*Instructions for the task:*
Would you return each entry exactly as written, omitting any pictures?

[Saved entries]
|---|
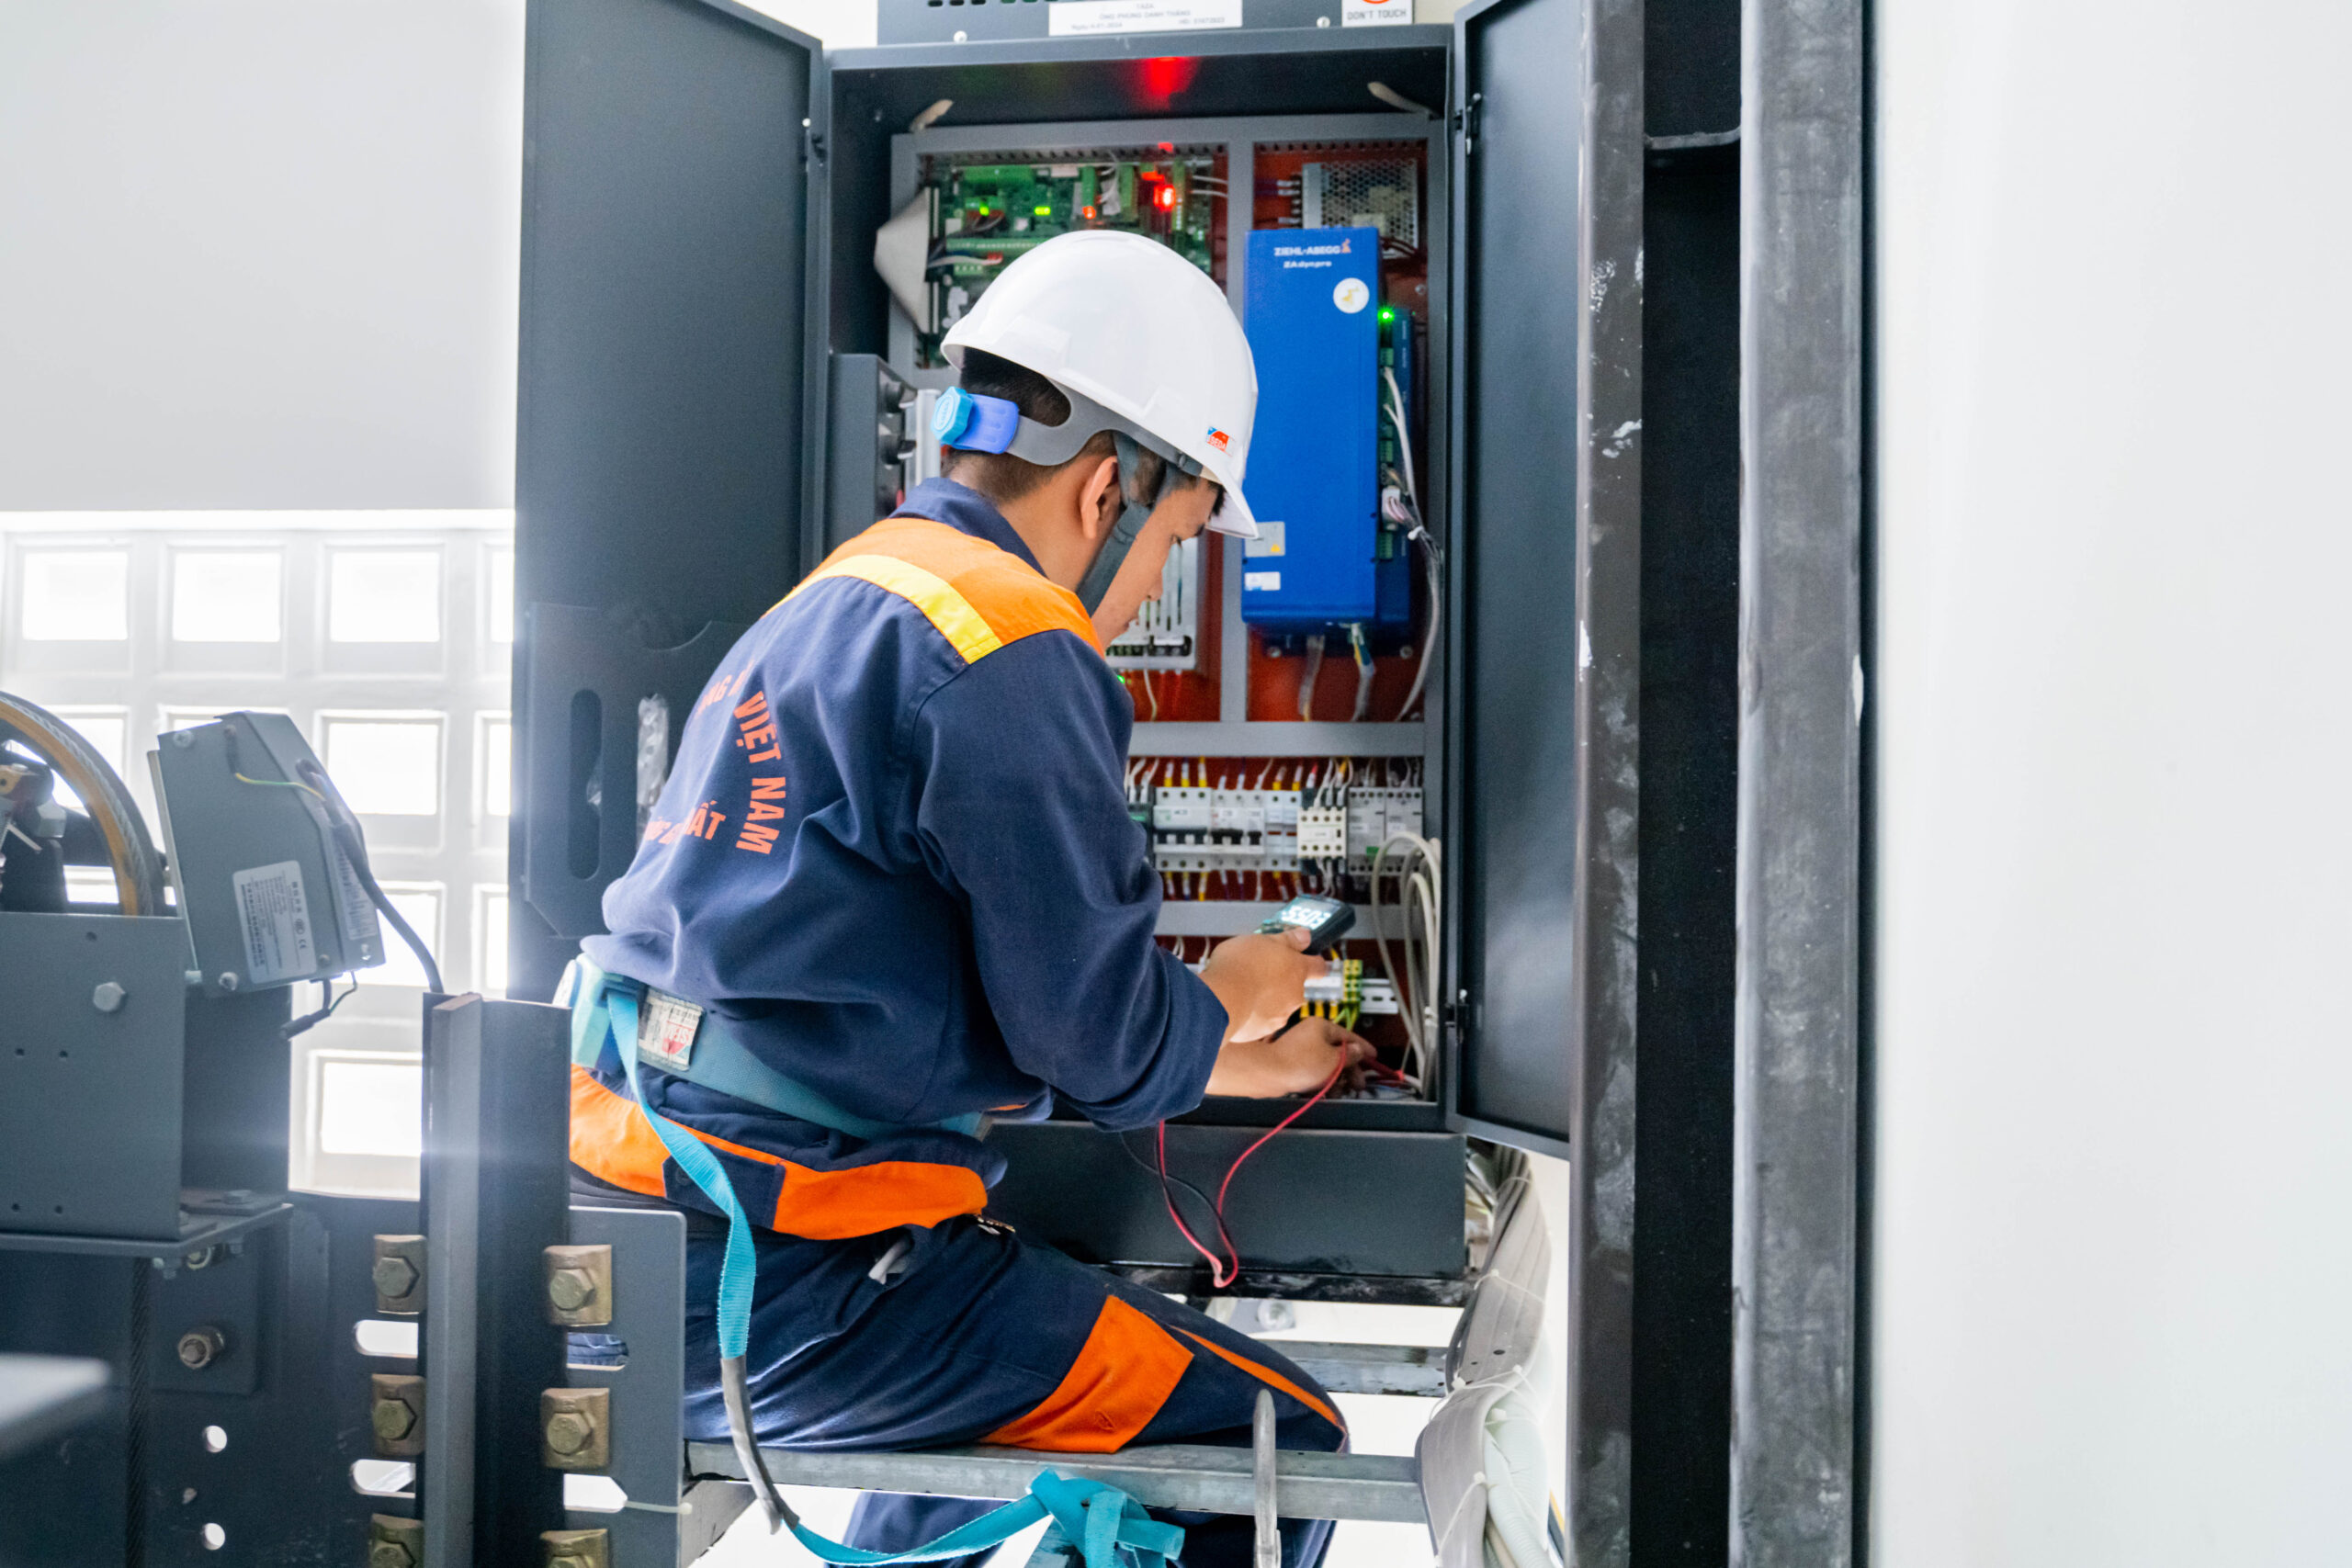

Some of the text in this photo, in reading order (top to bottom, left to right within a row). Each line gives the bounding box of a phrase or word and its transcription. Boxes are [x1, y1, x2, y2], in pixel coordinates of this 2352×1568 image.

[1346, 9, 1408, 20] DON'T TOUCH
[1273, 244, 1341, 257] ZIEHL-ABEGG
[733, 691, 786, 855] VIỆT NAM
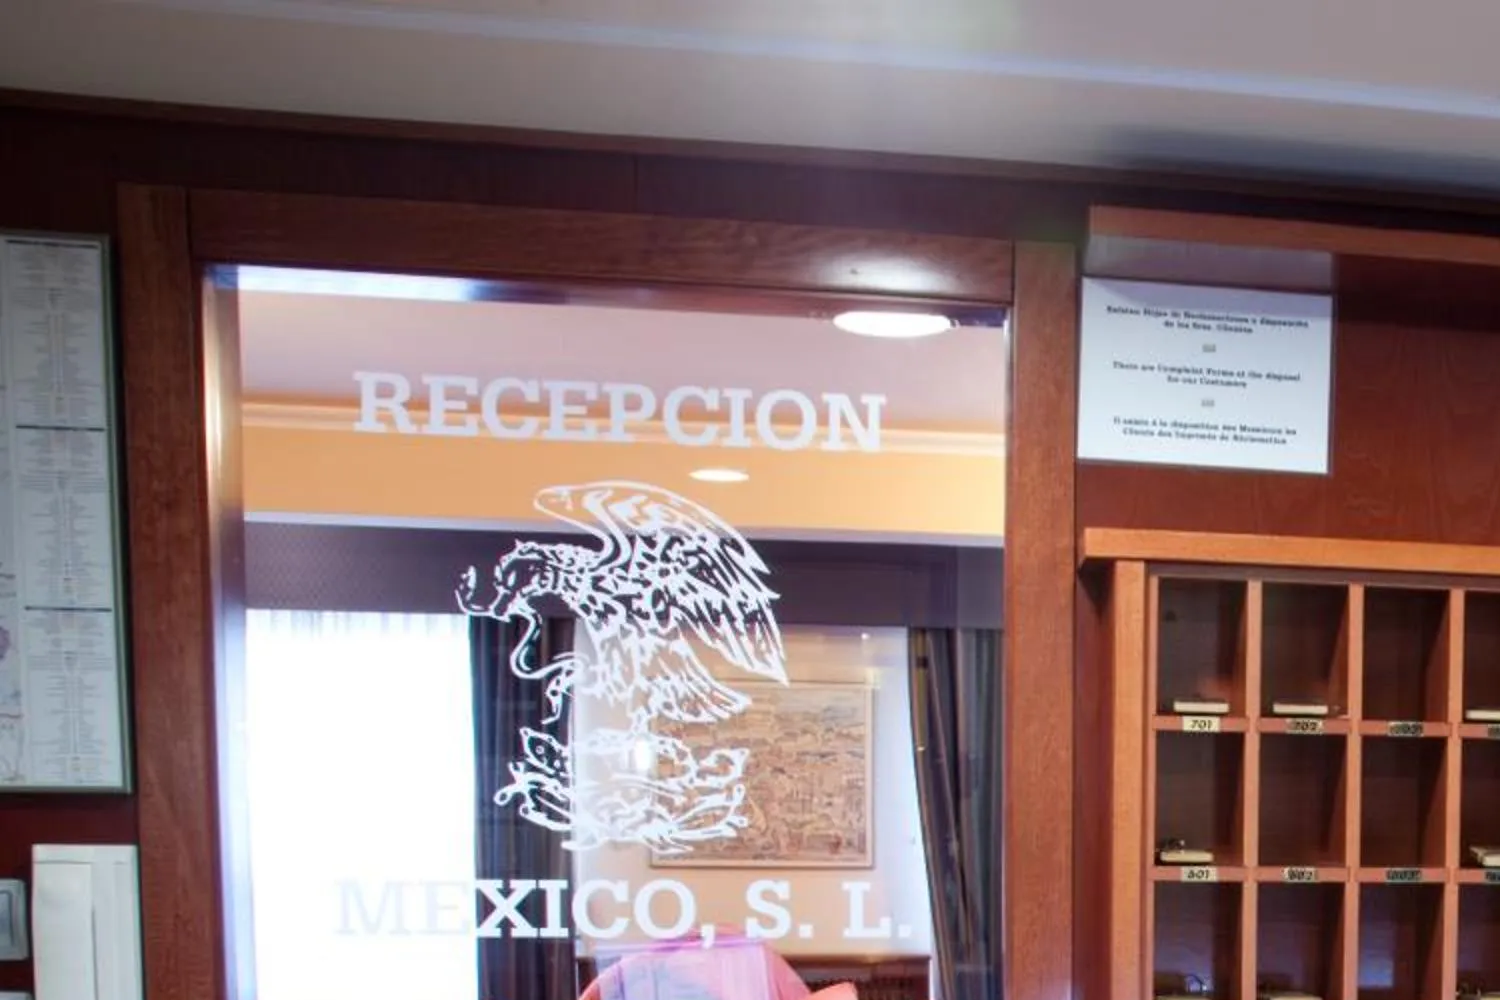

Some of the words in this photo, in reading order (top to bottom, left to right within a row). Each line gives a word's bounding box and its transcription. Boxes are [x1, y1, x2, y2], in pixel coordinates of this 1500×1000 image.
|---|
*Answer to this exercise:*
Some of the text in this photo, in reading order (top to bottom, left to right within a row). Each line gives the bounding box of a phrase or word and its transcription. Boxes are [x1, y1, x2, y2], in pixel coordinates of this 2352×1568 image.

[1346, 9, 1408, 20] DON'T TOUCH
[1273, 244, 1341, 257] ZIEHL-ABEGG
[733, 691, 786, 855] VIỆT NAM

Some of the words in this photo, in reading order (top to bottom, left to right within a row). Each line gives a word's bounding box and its transcription. Boxes are [x1, y1, x2, y2], in pixel coordinates of this 1500×1000 image.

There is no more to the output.